Hi, I just got my mouse, and I have hamster food. They didn't have any rat/mouse food in the petshop, and I'm curious what I should take out. Heres a pic of my mouse's bowl.










Should I take the sunflower seeds and corn out? If it helps, I get it by the pound at the petshop, like 3 dollars for a pound or so.


----------



## Norman's Mom (Feb 12, 2010)

Hamster food is actually more ideal for mice than rat and mouse mix. Most rat and mouse mixes are far too high in crude protein...pet shop meeces need around 13%. I also stay far away from anything made by Kaytee. There is a chemical they put in Kaytee to preserve foods that has been known to be lethal to mice.

Anyhoo...I pick out Sunflower seeds and peanuts to use as treats alone. Sunflower seeds and peanuts are the two number one causes of food allergy in mice, and they are super fatty...they should be used as treats only, and if the mouse is allergic...never. I generally leave corn...although there is some studies that point to corn being cancer-causing...however there is discrepancy between feeding fresh corn and dried...and there really isn't enough conclusive evidence, IMO, that corn does cause cancer for sure for me to be overly worried about it. I haven't had any tumors in almost two years, so I let the corn stay. If you want to pick out the corn, go for it.

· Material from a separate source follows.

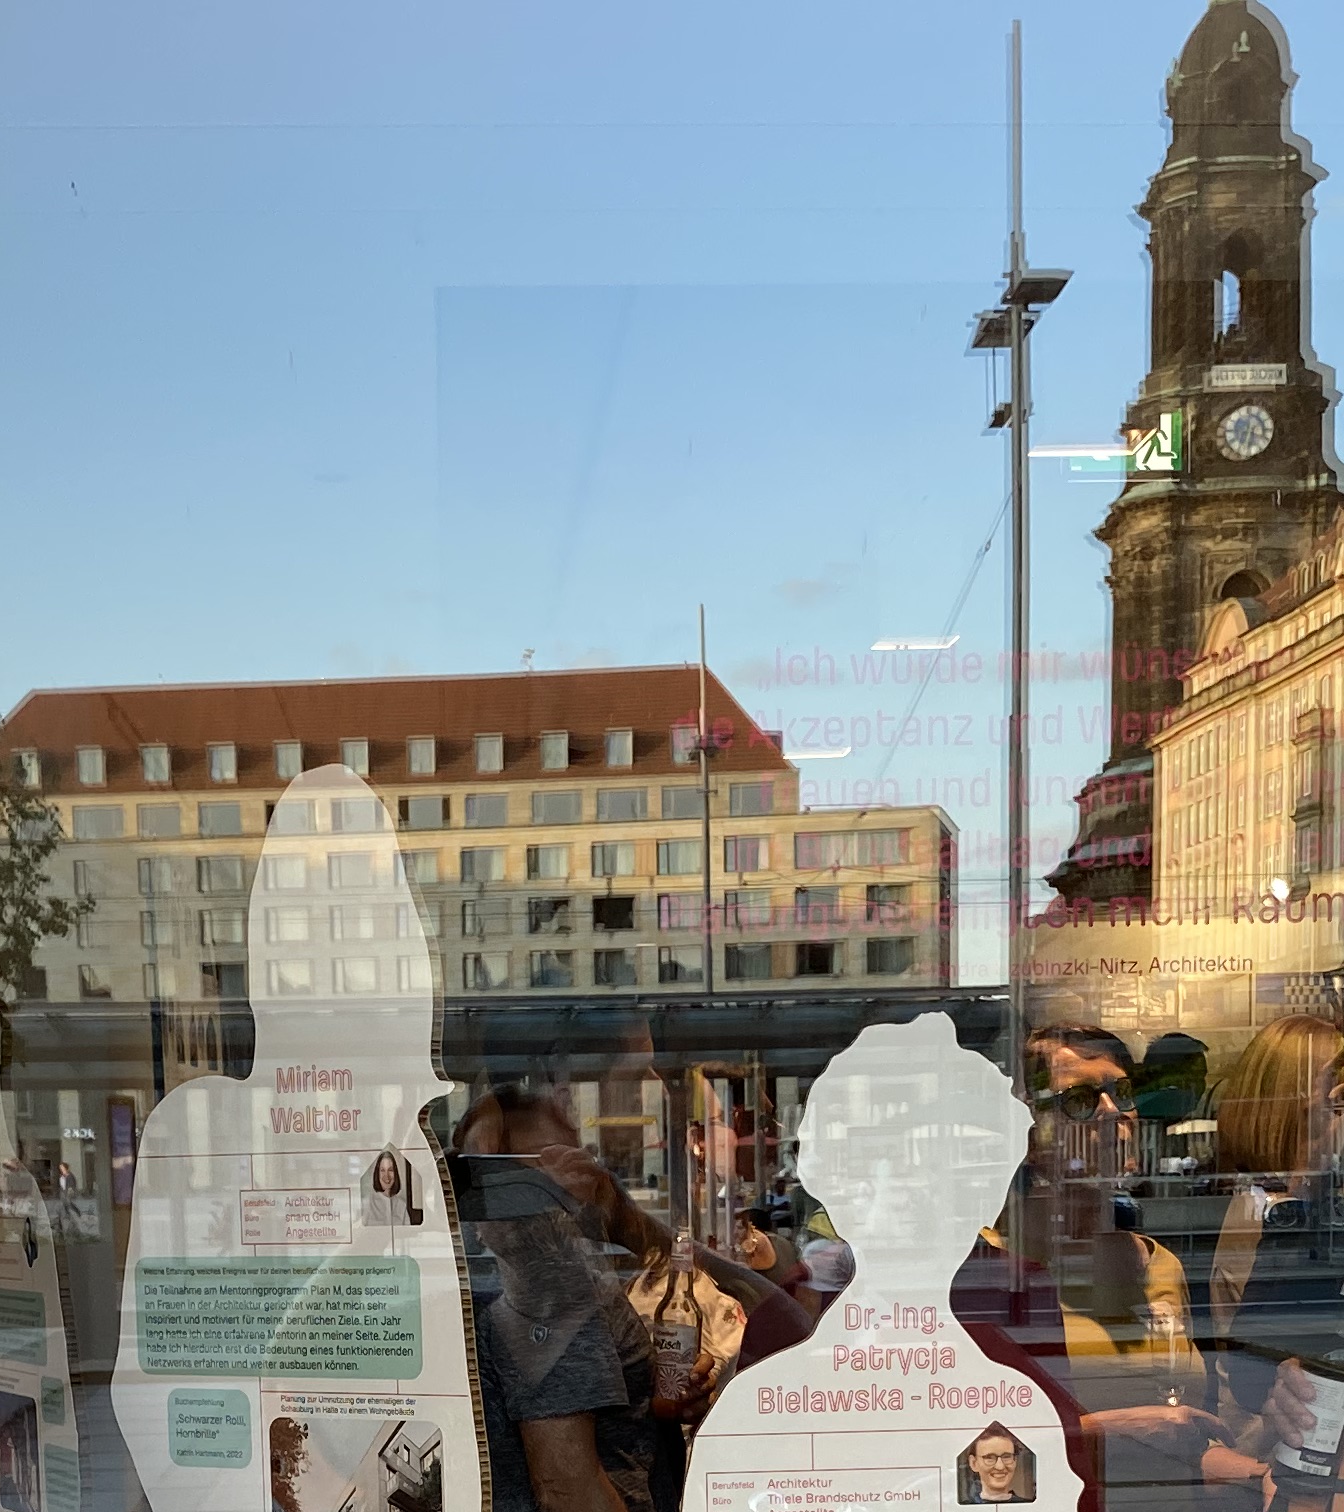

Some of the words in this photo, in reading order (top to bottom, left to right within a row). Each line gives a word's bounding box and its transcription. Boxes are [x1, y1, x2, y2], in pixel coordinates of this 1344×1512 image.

You do want to supplement that mix with fresh foods and Hard Proteins a couple of times a week though...like dog kibble, pasta, mealworms, crickets, scrambled eggs, chicken or turkey, oatmeal....stuff like that.


----------



## mousetastic1995 (Mar 26, 2010)

K, I will pick out the sunny seeds everytime I feed him. There isn't much corn in it, so I think I'll leave it. And the bedding (Aspen) is made by kaytee, is that alright?


----------



## Norman's Mom (Feb 12, 2010)

Kaytee bedding is OK....it's their food that is rubbish.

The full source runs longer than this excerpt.